Intermittent token acquisition failure - "Could not fetch access token for Azure" #5475
Description
We are facing intermittent failures in token acquisition via MSAL when running Azure DevOps pipelines that deploy Web Apps using the AzureRmWebAppDeployment@5 task.
Until September 5, 2025, all pipelines were working fine. Starting from the evening of September 8, 2025, we began observing random failures during pipeline execution.
The error observed in the Azure DevOps logs is:
Error: Failed to get resource ID for resource type 'Microsoft.Web/Sites'
and resource name 'fractal-cdtsols-dev-test-app'.
Error: Could not fetch access token for Azure.
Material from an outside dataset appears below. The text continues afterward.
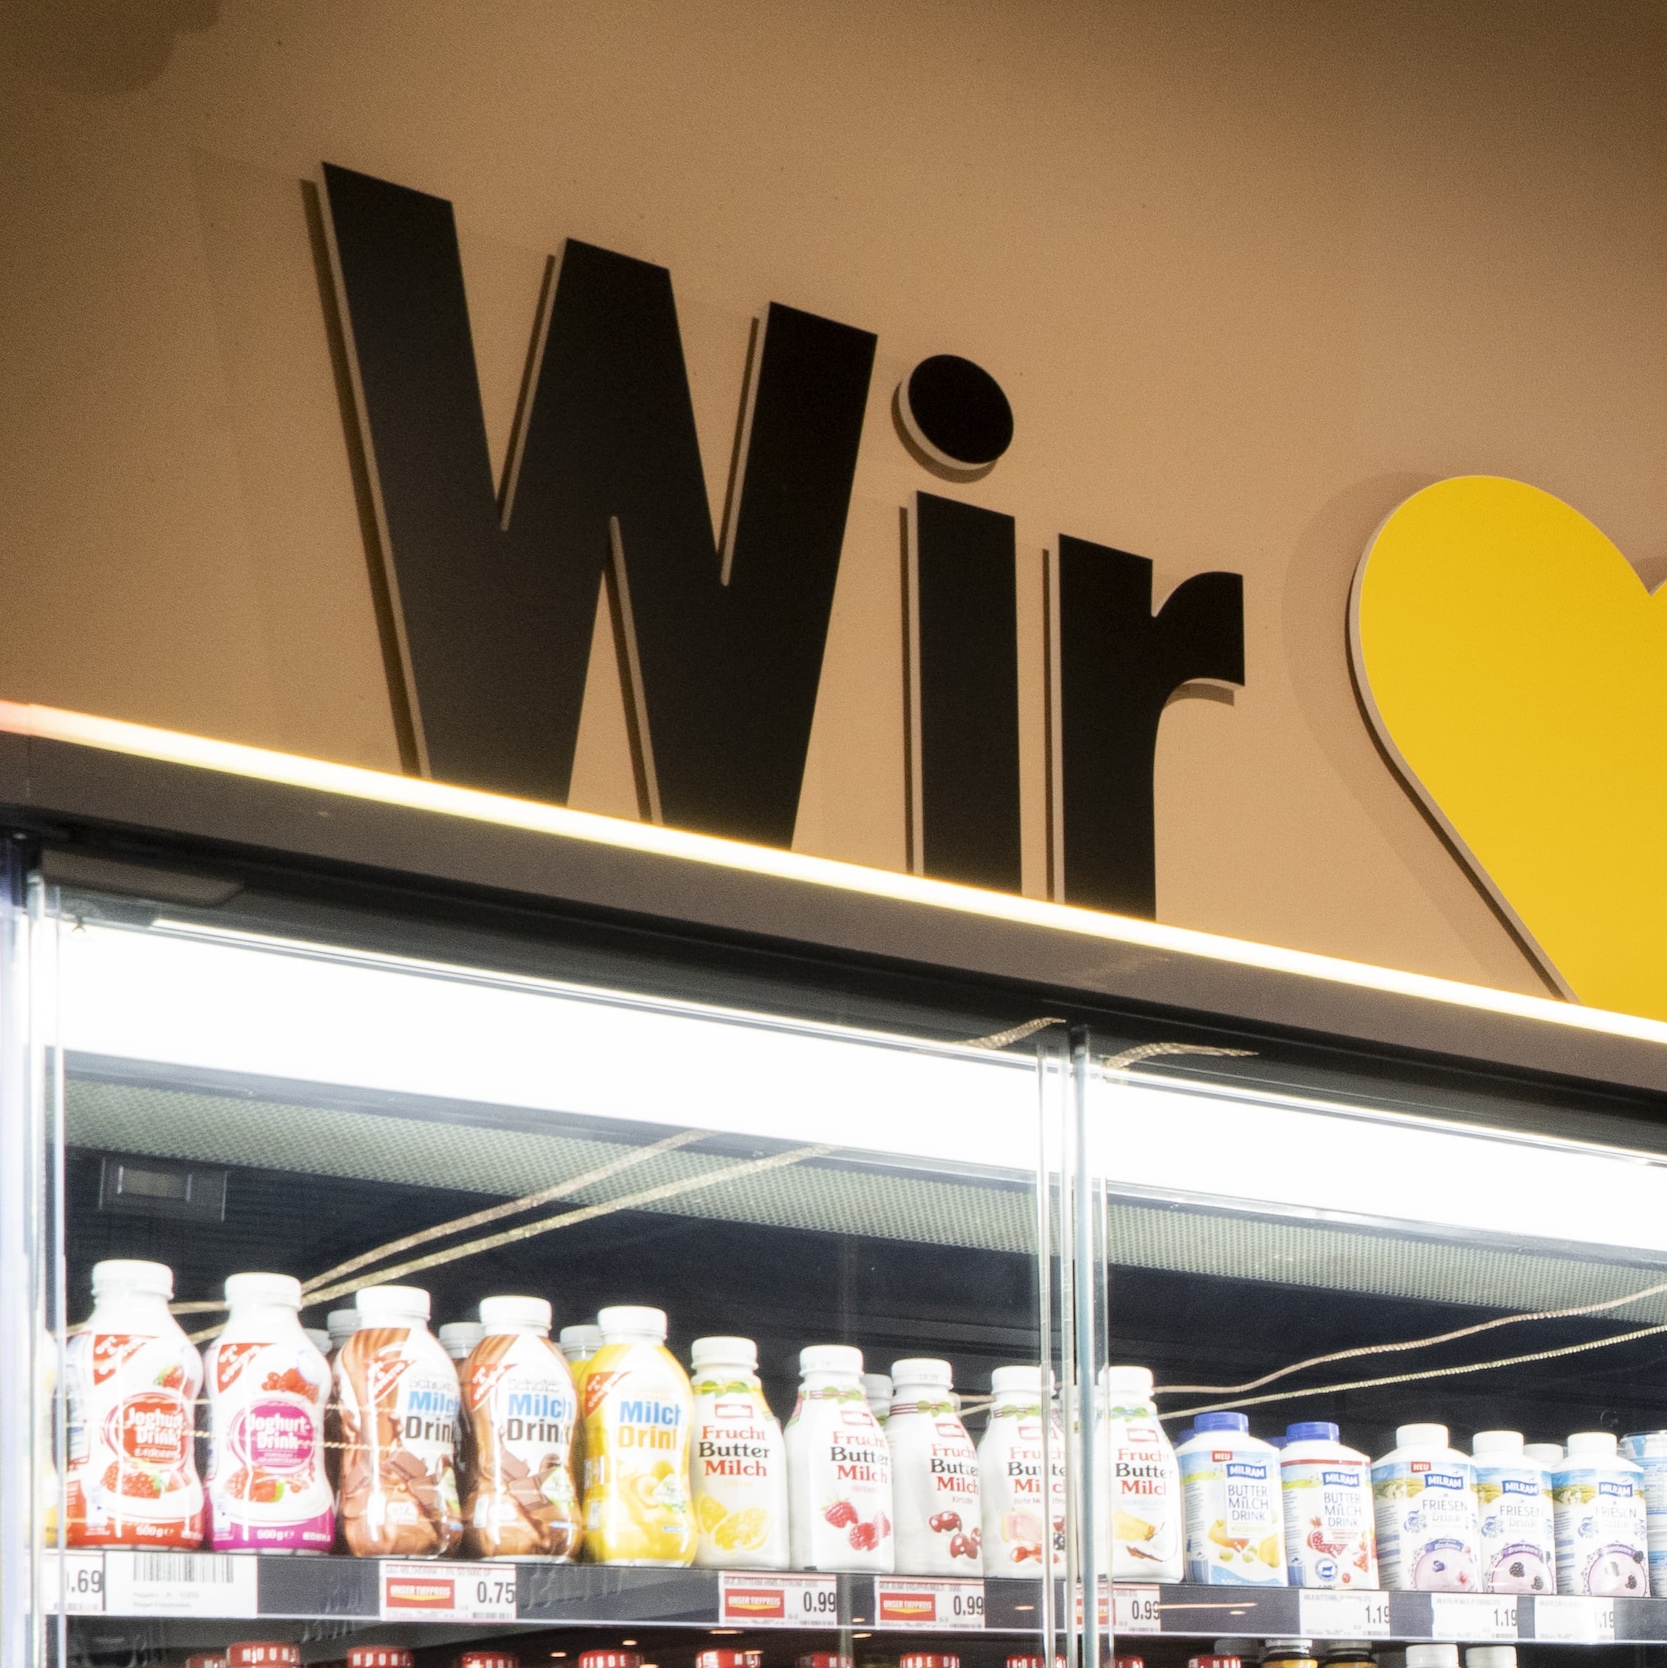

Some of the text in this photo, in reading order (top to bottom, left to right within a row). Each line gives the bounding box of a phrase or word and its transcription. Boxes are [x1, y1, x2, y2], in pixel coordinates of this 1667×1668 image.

Status code: network_error, status message: Network request failed
From the MSAL logs, it is clear that the failure happens during the AcquireTokenForClient flow. MSAL attempts retries (3 times), but every retry ends with network_error. Example log fragment:
{
"apiId": "AcquireTokenForClient",
"authority": "https://login.microsoftonline.com/{tenantId}/",
"scopes": ["https://management.azure.com//.default"],
"error": "network_error",
"statusMessage": "Network request failed"
}
Key points:
-
Pipelines are using a Service Principal–based service connection (ConfidentialClientApplication).
-
Scopes requested: https://management.azure.com//.default
-
The service connection credentials are valid (client secret not expired).
-
Tokens can sometimes be fetched successfully, and sometimes not — indicating inconsistent / intermittent behavior.
-
Re-running the same pipeline may succeed, then fail again after a few hours.
-
The same issue occurs across multiple pipelines (classic and YAML), all using the same Service Principal.
-
We tested with a new service connection (new app registration + client secret), but the same behavior persists.
We also tried running the pipeline from an Incognito browser session; once it worked, but after 2–3 hours the error returned. This rules out a pure browser cache issue.
Failure logs are attached below:
test_app.txt